= Description of the task =
Your reply should consist of the entries, copied exactly and stripped of images.

= Records from a data source =
:::::

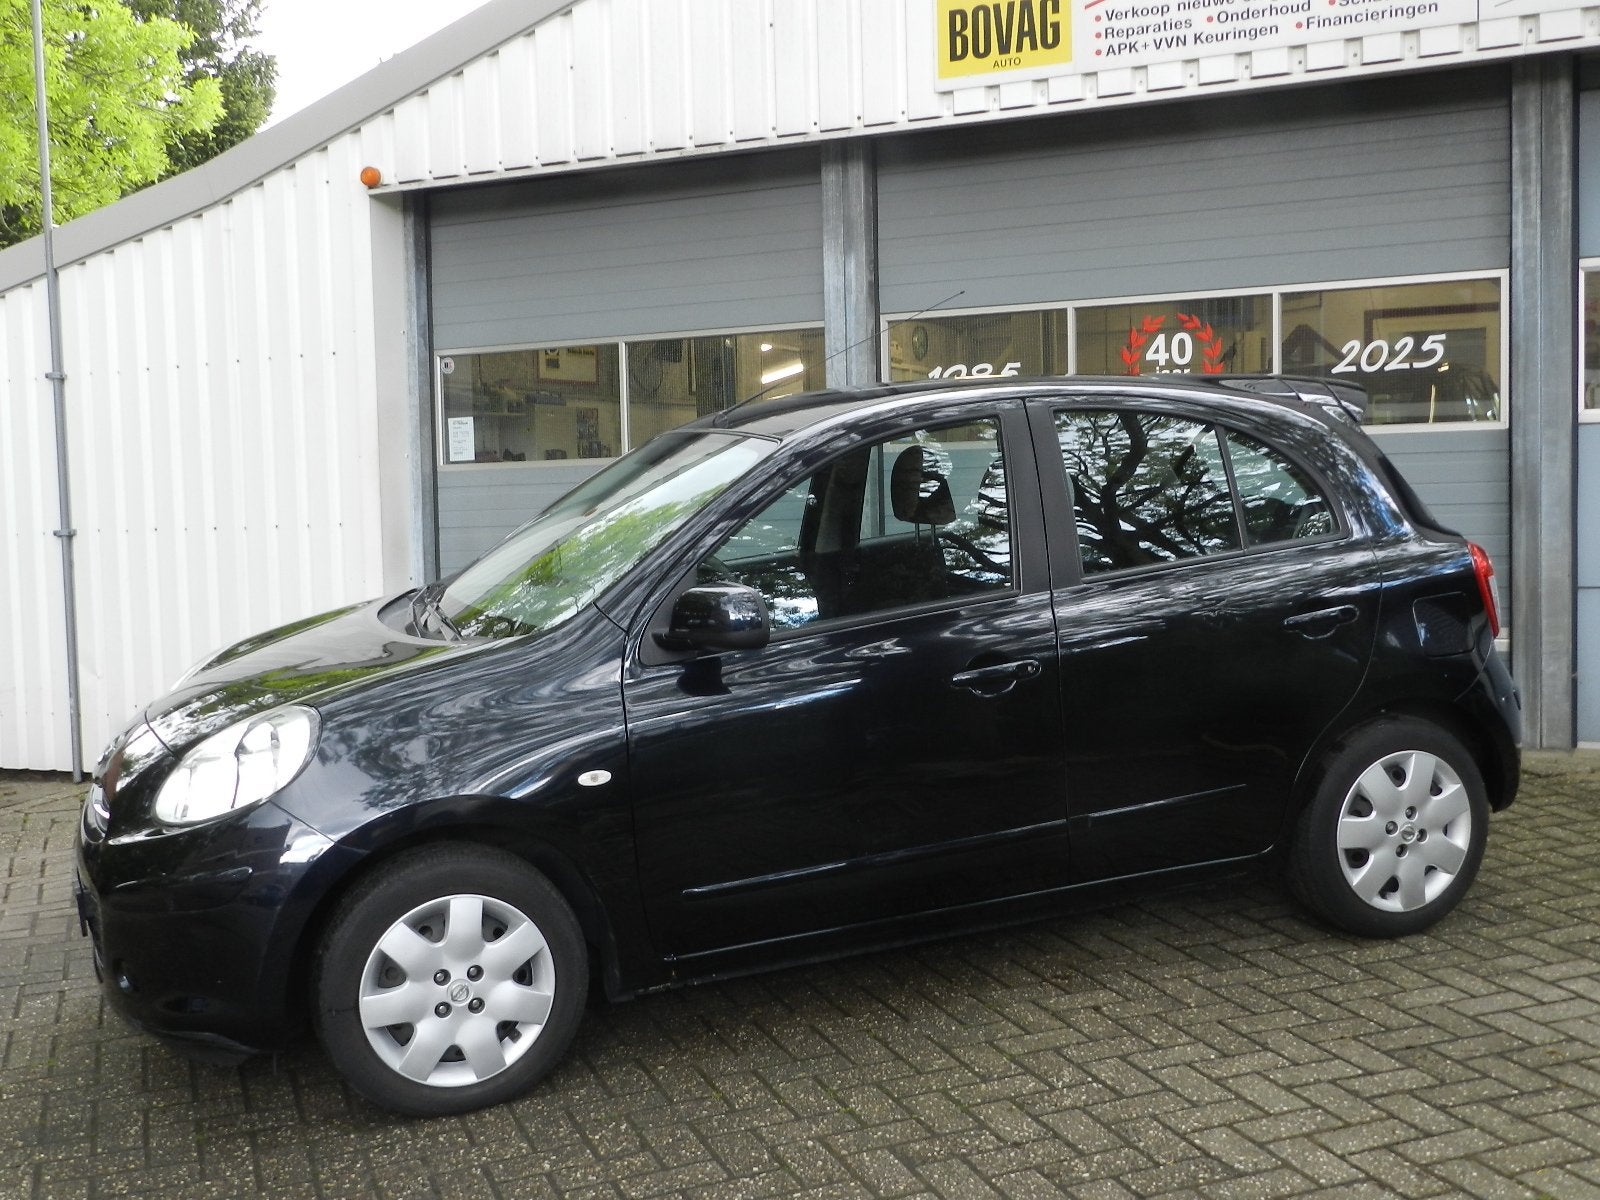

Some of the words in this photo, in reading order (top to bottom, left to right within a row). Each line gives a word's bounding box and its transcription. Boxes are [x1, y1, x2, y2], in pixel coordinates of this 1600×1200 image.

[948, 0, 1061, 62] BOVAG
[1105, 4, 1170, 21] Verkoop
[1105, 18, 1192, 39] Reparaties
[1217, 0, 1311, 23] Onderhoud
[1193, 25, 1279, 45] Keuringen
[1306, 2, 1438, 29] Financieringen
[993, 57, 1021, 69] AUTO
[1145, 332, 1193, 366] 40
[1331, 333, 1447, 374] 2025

:::::

= Exercise answer =
Some of the words in this photo, in reading order (top to bottom, left to right within a row). Each line gives a word's bounding box and its transcription. Boxes are [x1, y1, x2, y2], in pixel coordinates of this 1600×1200 image.

[948, 0, 1061, 62] BOVAG
[1105, 4, 1170, 21] Verkoop
[1105, 18, 1192, 39] Reparaties
[1217, 0, 1311, 23] Onderhoud
[1193, 25, 1279, 45] Keuringen
[1306, 2, 1438, 29] Financieringen
[993, 57, 1021, 69] AUTO
[1145, 332, 1193, 366] 40
[1331, 333, 1447, 374] 2025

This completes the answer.